**Provided entries**.
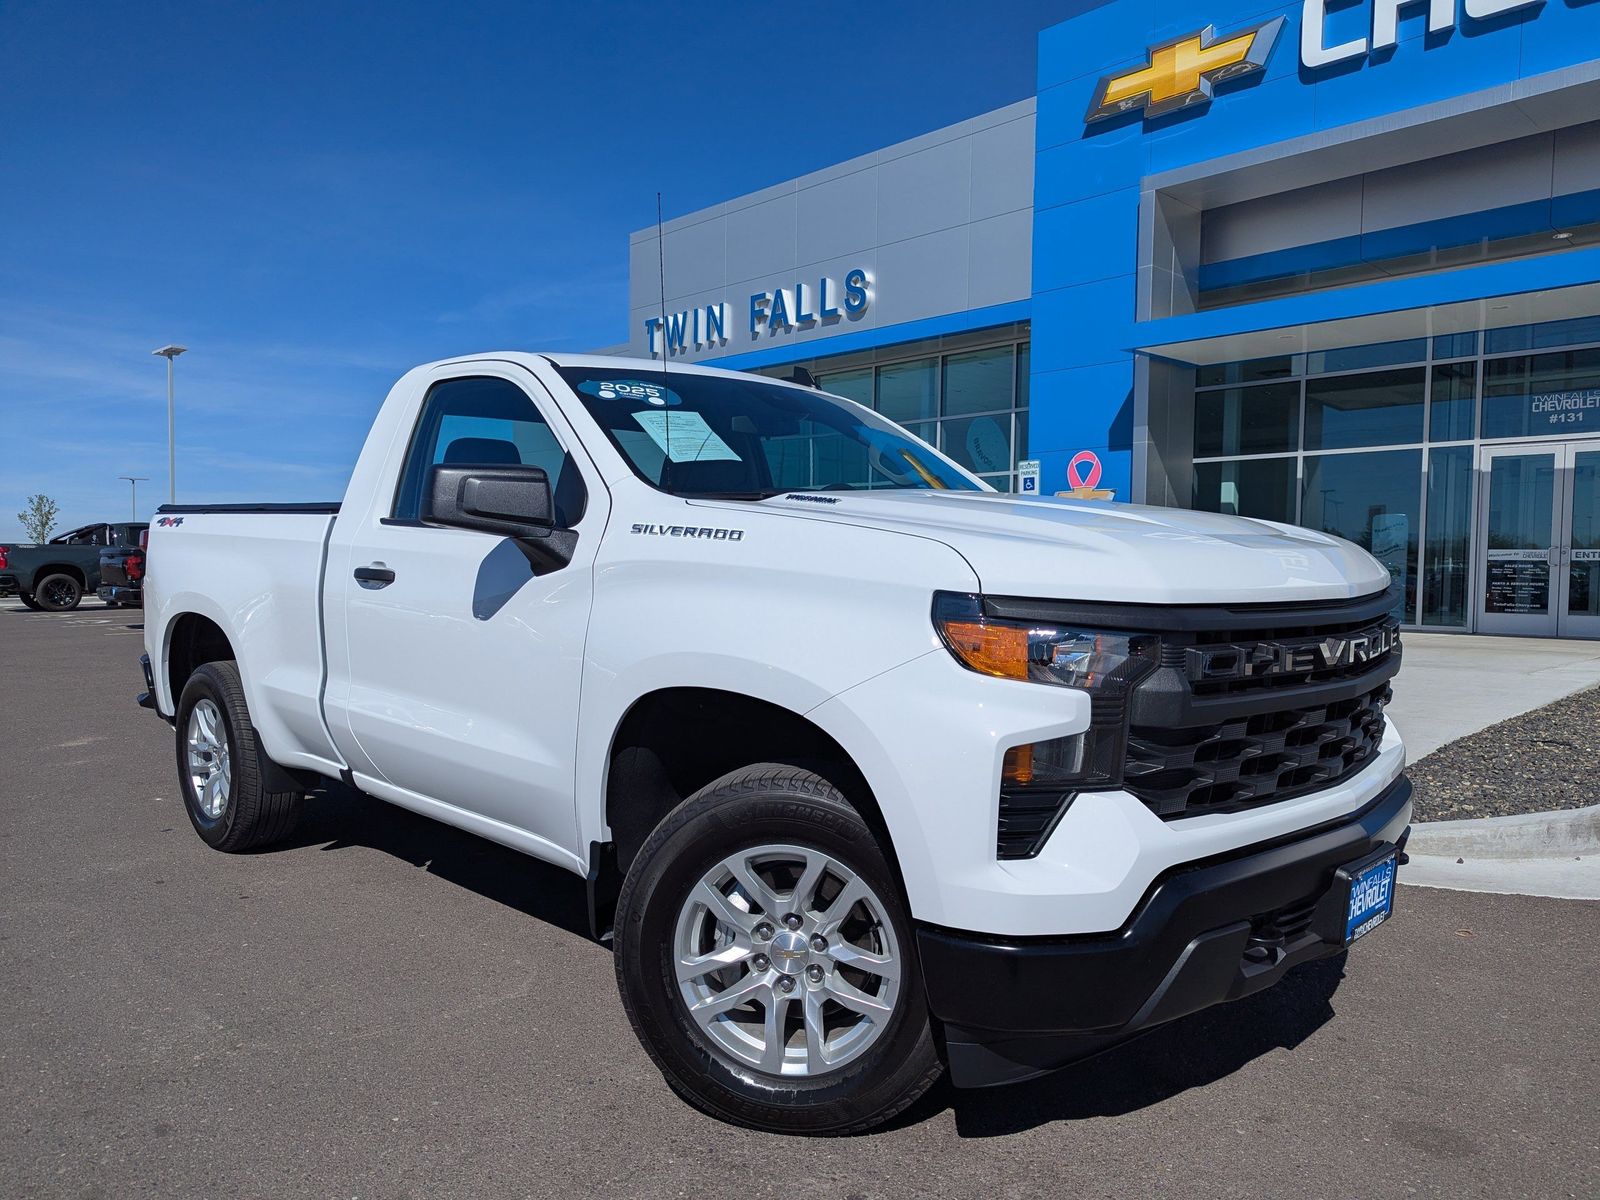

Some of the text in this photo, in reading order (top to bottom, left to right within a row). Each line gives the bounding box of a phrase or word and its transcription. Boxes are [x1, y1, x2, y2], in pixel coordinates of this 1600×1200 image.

[645, 268, 871, 356] TWIN FALLS
[600, 382, 660, 397] 2025
[1532, 396, 1600, 412] CHEVROLET
[1549, 412, 1583, 424] #131
[630, 523, 743, 541] SILVERADO
[1575, 551, 1600, 559] ENT
[1348, 878, 1390, 920] HEVROLET
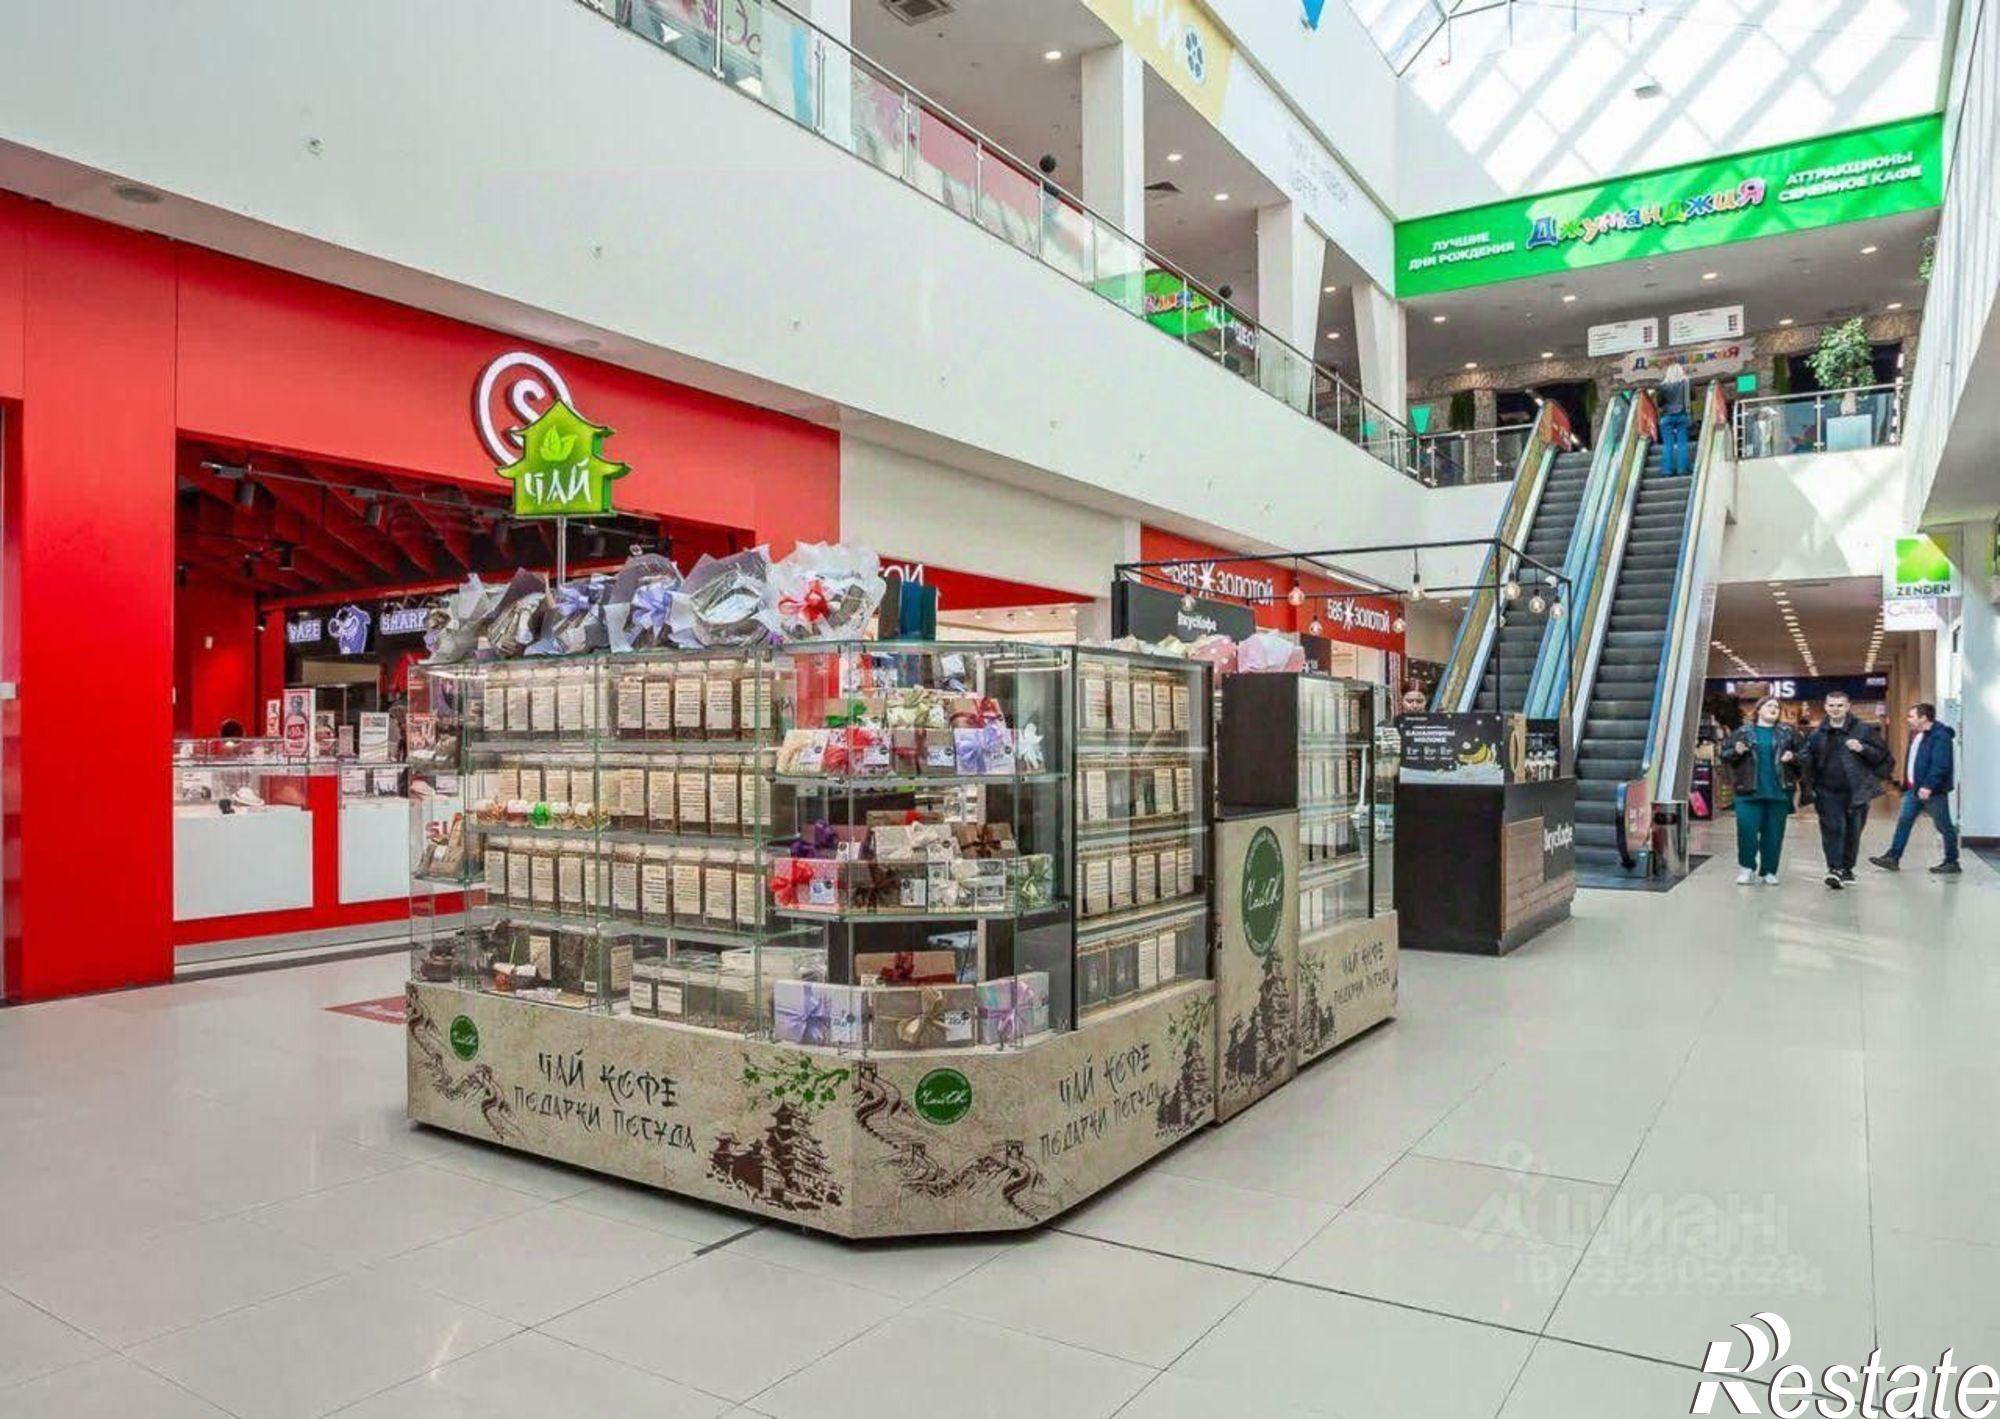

**What needs to be done**. Give back the full listing above word for word, and let no picture through.

**Answer section**.
Some of the text in this photo, in reading order (top to bottom, left to right within a row). Each line gives the bounding box of a phrase or word and its transcription. Boxes are [x1, y1, x2, y2], in pixel coordinates of this 1600×1200 image.

[645, 268, 871, 356] TWIN FALLS
[600, 382, 660, 397] 2025
[1532, 396, 1600, 412] CHEVROLET
[1549, 412, 1583, 424] #131
[630, 523, 743, 541] SILVERADO
[1575, 551, 1600, 559] ENT
[1348, 878, 1390, 920] HEVROLET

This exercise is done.